* **The task**
Type the listing below out again exactly. No images.

* **Provided entries**

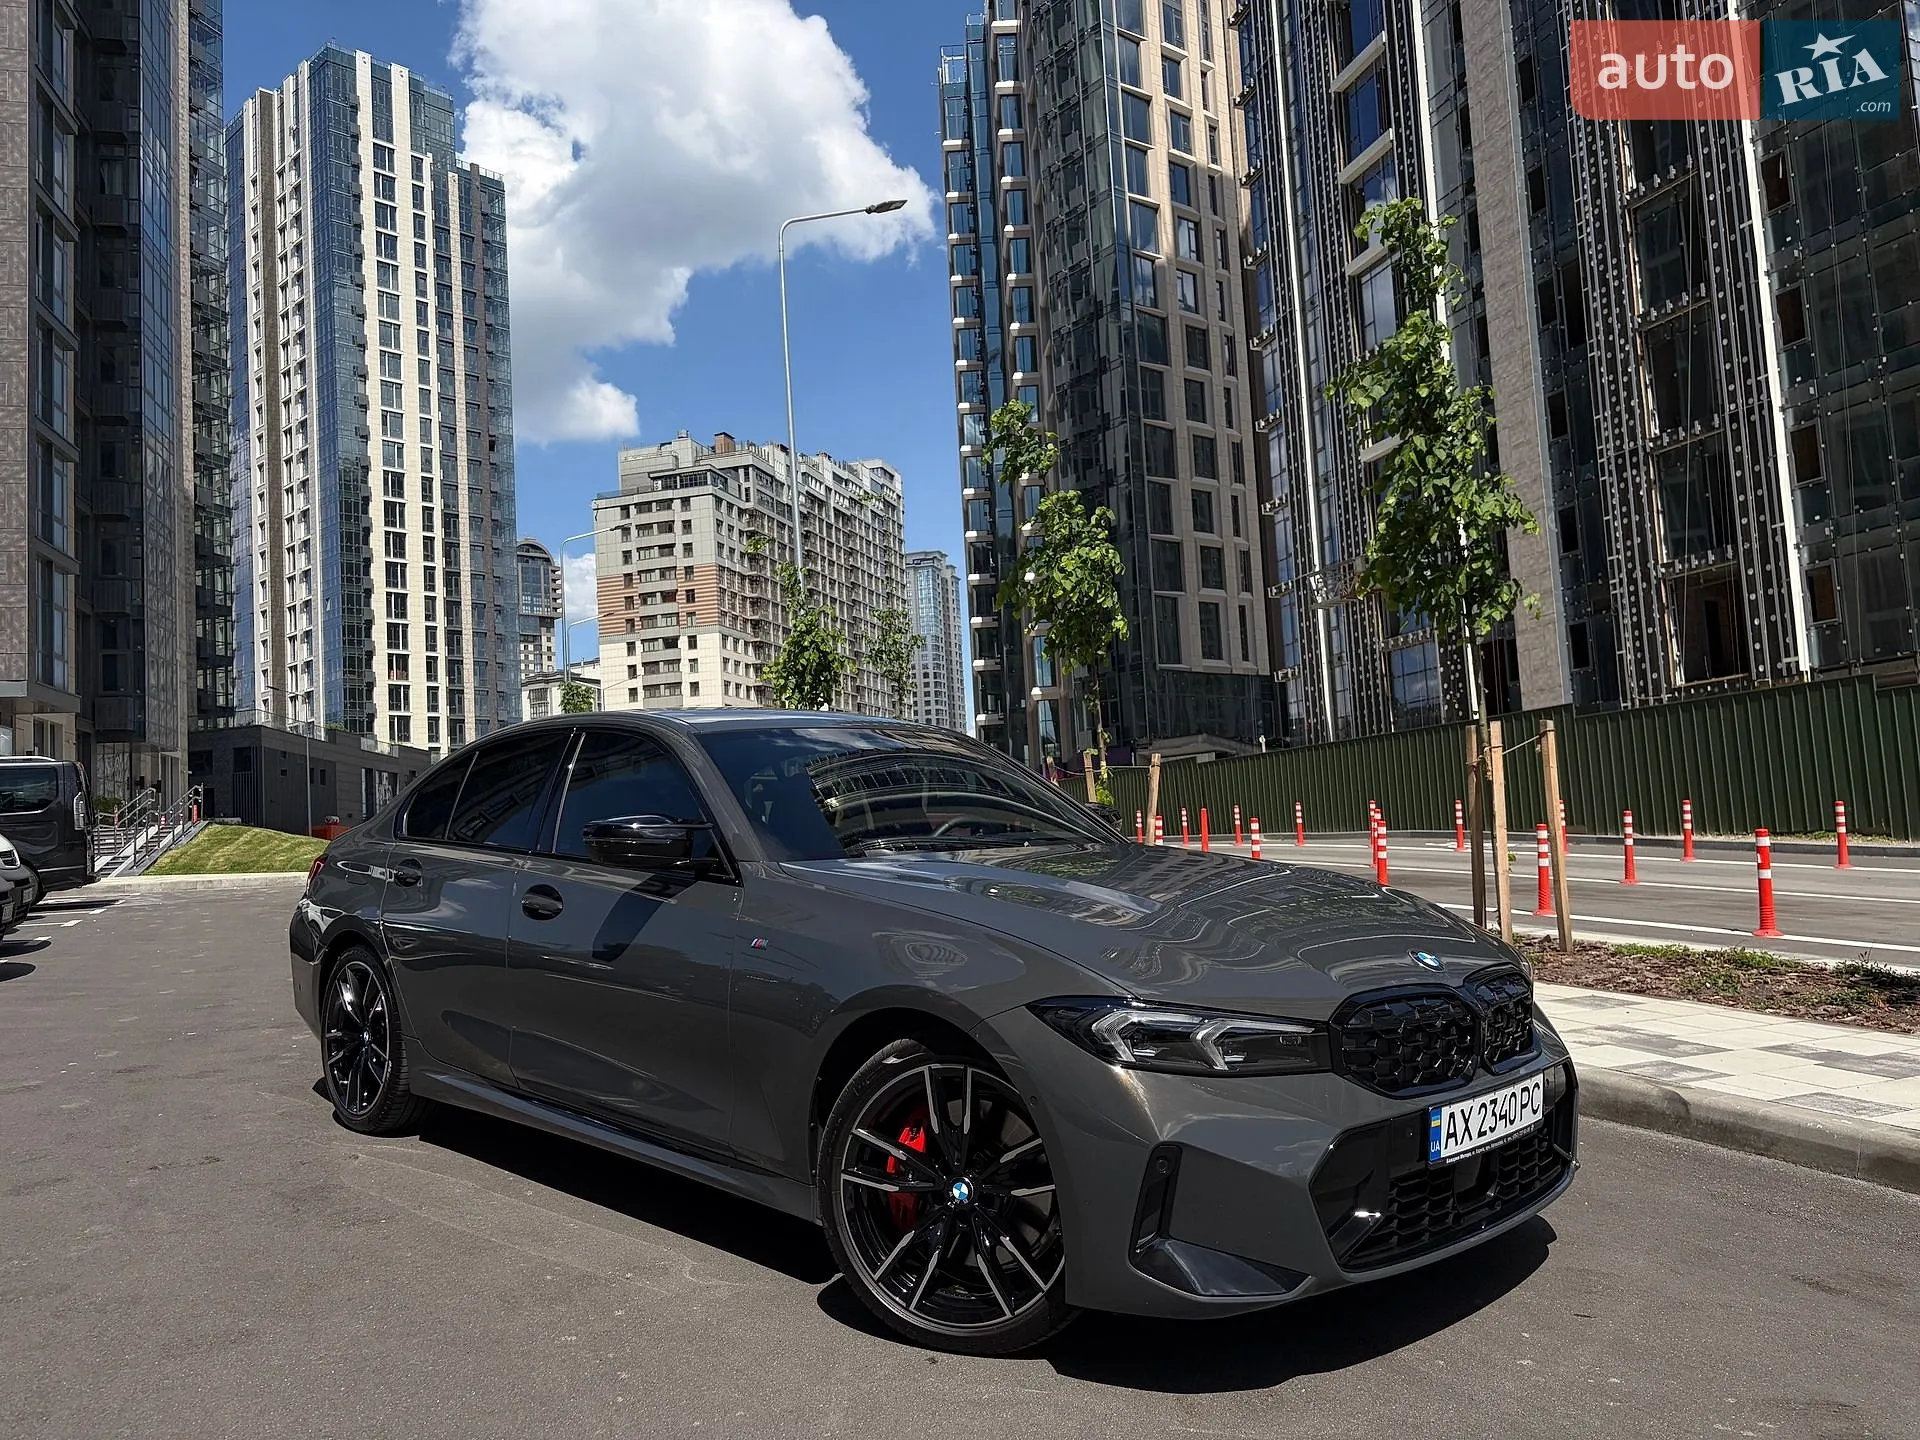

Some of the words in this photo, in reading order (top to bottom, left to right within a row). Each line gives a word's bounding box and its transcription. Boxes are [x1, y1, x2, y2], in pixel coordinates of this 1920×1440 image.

[1444, 1105, 1474, 1149] AX
[1477, 1092, 1517, 1139] 2340
[1519, 1081, 1541, 1122] PC
[1430, 1140, 1441, 1152] UA

* **Response area**
Some of the words in this photo, in reading order (top to bottom, left to right within a row). Each line gives a word's bounding box and its transcription. Boxes are [x1, y1, x2, y2], in pixel coordinates of this 1920×1440 image.

[1444, 1105, 1474, 1149] AX
[1477, 1092, 1517, 1139] 2340
[1519, 1081, 1541, 1122] PC
[1430, 1140, 1441, 1152] UA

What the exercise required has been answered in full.